Nanojit

  • Revision slug: Nanojit
  • Revision title: Nanojit
  • Revision id: 53866
  • Created:
  • Creator: paritosh1010
  • Is current revision? No
  • Comment 158 words added

Revision Content

Overview

Nanojit is a small, cross-platform C++ library that emits machine code. Both the Tamarin JIT and the SpiderMonkey JIT (a.k.a. TraceMonkey) use Nanojit as their back end.

You can get Nanojit by cloning the tamarin-redux Mercurial repository at http://hg.mozilla.org/tamarin-redux. It's in the nanojit directory.

The input for Nanojit is a stream of Nanojit LIR instructions. The term LIR is compiler jargon for a language used internally in a compiler that is usually cross-platform but very close to machine language. It is an acronym for "low-level intermediate representation". A compiler's LIR is typically one of several partly-compiled representations of a program that a compiler produces on the way from raw source code to machine code.

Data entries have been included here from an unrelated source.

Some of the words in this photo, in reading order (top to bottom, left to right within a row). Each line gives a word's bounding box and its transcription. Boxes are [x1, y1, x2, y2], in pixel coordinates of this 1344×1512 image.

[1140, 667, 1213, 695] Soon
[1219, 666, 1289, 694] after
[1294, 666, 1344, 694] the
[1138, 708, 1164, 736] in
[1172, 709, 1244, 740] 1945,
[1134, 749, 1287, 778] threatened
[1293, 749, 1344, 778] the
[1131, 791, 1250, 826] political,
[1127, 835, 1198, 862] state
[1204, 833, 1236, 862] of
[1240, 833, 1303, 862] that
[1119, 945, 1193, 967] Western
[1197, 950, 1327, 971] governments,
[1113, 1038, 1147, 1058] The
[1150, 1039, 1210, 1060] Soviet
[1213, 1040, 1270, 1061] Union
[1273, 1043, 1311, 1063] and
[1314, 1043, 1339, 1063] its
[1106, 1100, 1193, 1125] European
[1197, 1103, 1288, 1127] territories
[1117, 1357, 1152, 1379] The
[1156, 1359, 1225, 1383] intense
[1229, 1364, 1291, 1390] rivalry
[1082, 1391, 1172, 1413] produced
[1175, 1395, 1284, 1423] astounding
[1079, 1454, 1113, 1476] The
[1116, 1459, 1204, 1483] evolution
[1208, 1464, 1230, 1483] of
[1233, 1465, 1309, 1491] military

An application using Nanojit creates a nanojit::LirBuffer object to hold LIR instructions.  It creates a nanojit::LirBufWriter object to write instructions to the buffer.  Then it wraps the LirBufWriter in zero or more other LirWriter objects, all of which implement the same interface as LirBufWriter. This chain of LirWriter objects forms a pipeline for the instructions to pass through.  Each LirWriter can perform an optimization or other task on the program as it passes through the system and into the LirBuffer.

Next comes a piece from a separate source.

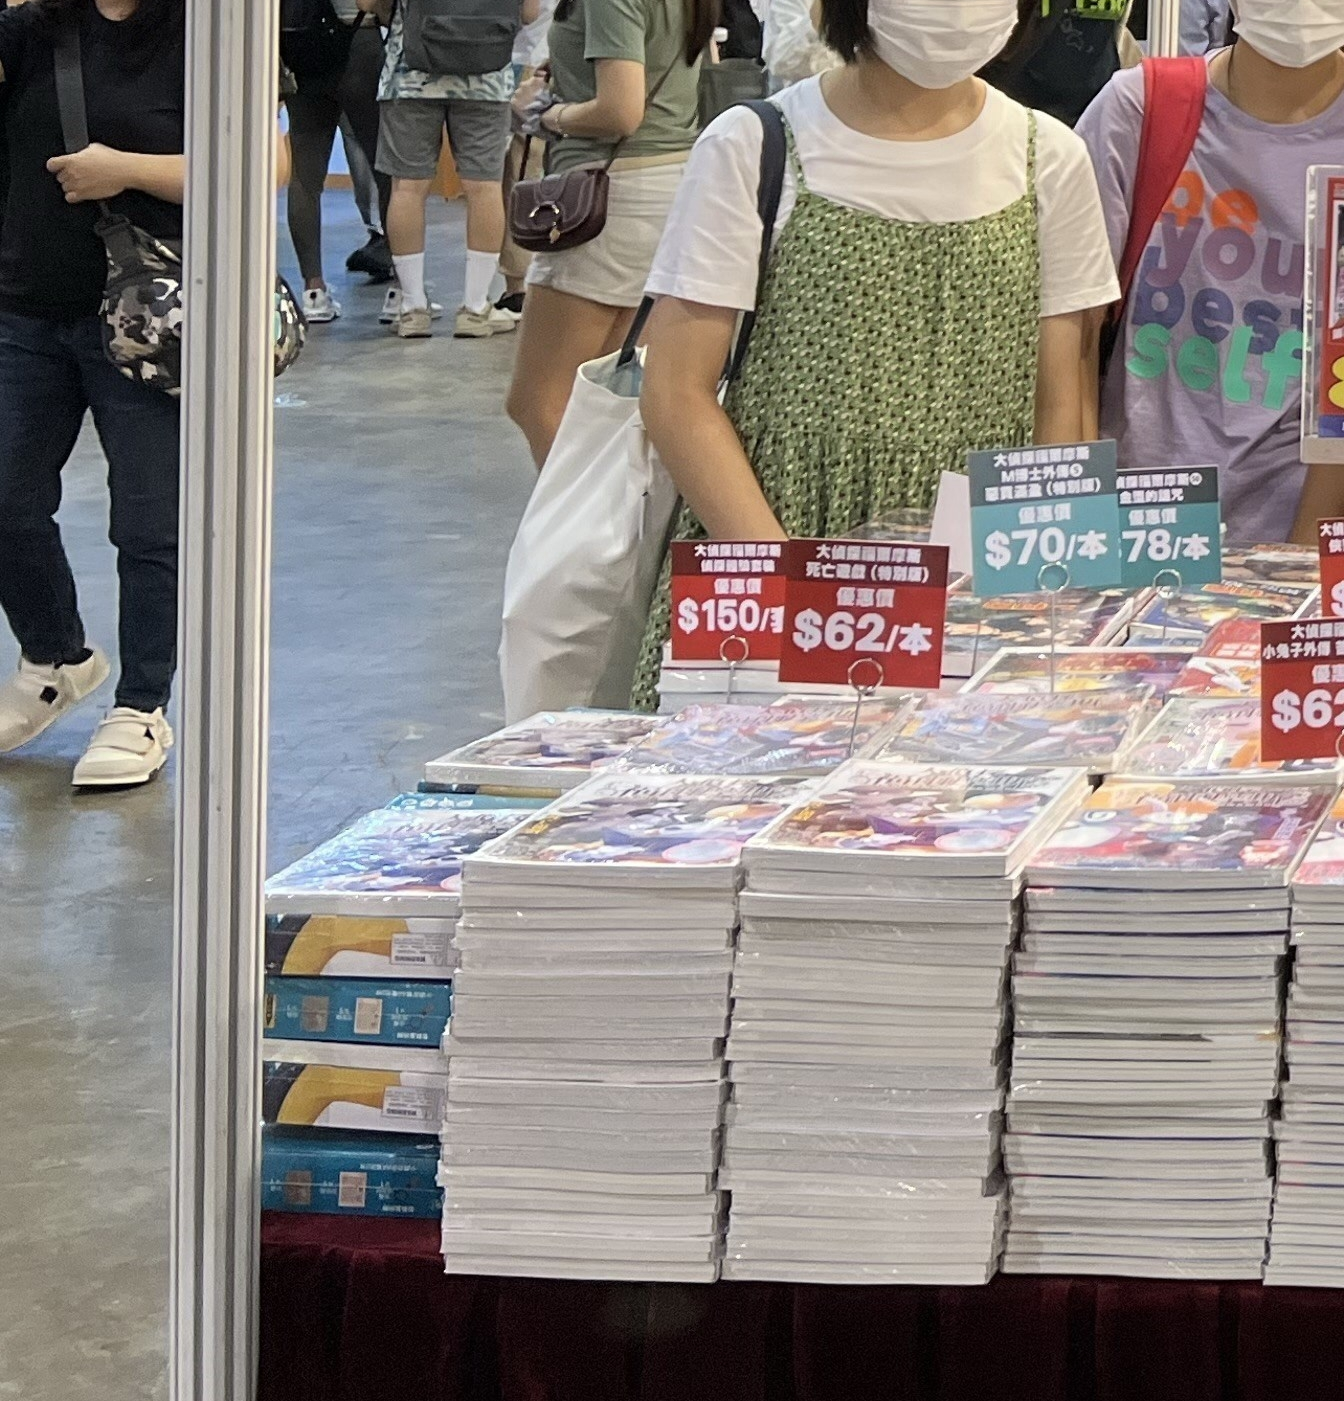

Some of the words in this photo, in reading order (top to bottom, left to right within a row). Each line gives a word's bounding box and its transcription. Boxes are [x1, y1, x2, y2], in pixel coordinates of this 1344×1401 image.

Once the instructions are in the LirBuffer, the application calls nanojit::compile() to produce machine code, which is stored in a nanojit::Fragment. Internally to Nanojit, another set of filters operates on the LIR as it passes from the LirBuffer toward the assembler. The result of compilation is a function that the application can call from C via a pointer to the first instruction.

Example

The following code works with SpiderMonkey's hacked version of Nanojit.  Figuring out how to compile it is left as an exercise for the reader; the following works when run in the object directory of an --enable-debug SpiderMonkey shell:

g++ -DDEBUG -g3 -include mozilla-config.h -I dist/include/js  -I ../nanojit -o jittest ../jittest.cpp libjs_static.a

(Remove the -DDEBUG if you have not compiled SpiderMonkey with --enable-debug, and use whatever you called the sample source file in place of jittest.cpp.)

#include <stdio.h>
#include <stdint.h>
#include "jsapi.h"
#include "nanojit.h"

using namespace nanojit;

const uint32_t CACHE_SIZE_LOG2 = 20;

int main()
{
    // Set up the basic Nanojit objects.
    avmplus::GC *gc = new avmplus::GC;
    if (!gc)
        return 1;
    avmplus::AvmCore core;
#ifdef DEBUG
    core.config.verbose = 1; // Show disassembly of generated traces.
#endif
    Fragmento *fragmento = new (gc) Fragmento(&core, CACHE_SIZE_LOG2);
    LirBuffer *buf = new (gc) LirBuffer(fragmento, NULL);

    // Create a Fragment to hold some native code.
    Fragment *f = new (gc) Fragment(NULL);
    f->lirbuf = buf;
    f->root = f;

    // Create a LIR writer, with verbose output if DEBUG.
    LirBufWriter writer0(buf);
#ifdef DEBUG
    fragmento->labels = new (gc) LabelMap(&core, NULL);
    buf->names = new (gc) LirNameMap(gc, NULL, fragmento->labels);
    VerboseWriter writer(gc, &writer0, buf->names);
#else
    LirBufWriter& writer = writer0;
#endif

    // Write a few LIR instructions to the buffer: add the first parameter
    // to the constant 2.
    writer.ins0(LIR_start);
    LIns *two = writer.insImm(2);
    LIns *firstParam = writer.insParam(0, 0);
    LIns *result = writer.ins2(LIR_add, firstParam, two);
    writer.ins1(LIR_ret, result);

    // Emit a LIR_loop instruction.  It won't be reached, but there's
    // an assertion in Nanojit that trips if a fragment doesn't end with
    // a guard (a bug in Nanojit). 
    LIns *rec_ins = writer0.skip(sizeof(GuardRecord) + sizeof(SideExit));
    GuardRecord *guard = (GuardRecord *) rec_ins->payload();
    memset(guard, 0, sizeof(*guard));
    SideExit *exit = (SideExit *)(guard + 1);
    guard->exit = exit;
    guard->exit->target = f;
    f->lastIns = writer.insGuard(LIR_loop, writer.insImm(1), rec_ins);

    // Compile the fragment.
    compile(fragmento->assm(), f);
    if (fragmento->assm()->error() != None) {
        fprintf(stderr, "error compiling fragment\n");
        return 1;
    }
    printf("Compilation successful.\n");

    // Call the compiled function.
    typedef JS_FASTCALL int32_t (*AddTwoFn)(int32_t);
    AddTwoFn fn = reinterpret_cast<AddTwoFn>(f->code());
    printf("2 + 5 = %d\n", fn(5));
    return 0;
}

 

Guards

Guards are special LIR instructions, similar to conditional branches, with the difference that when they are called, instead of going to a particular address, they leave the JIT code entirely, and stop the trace.

Need

Guards are required in a cross platform dynamic language like Javascript. Certain assumptions are made when a particular JIT code is generated.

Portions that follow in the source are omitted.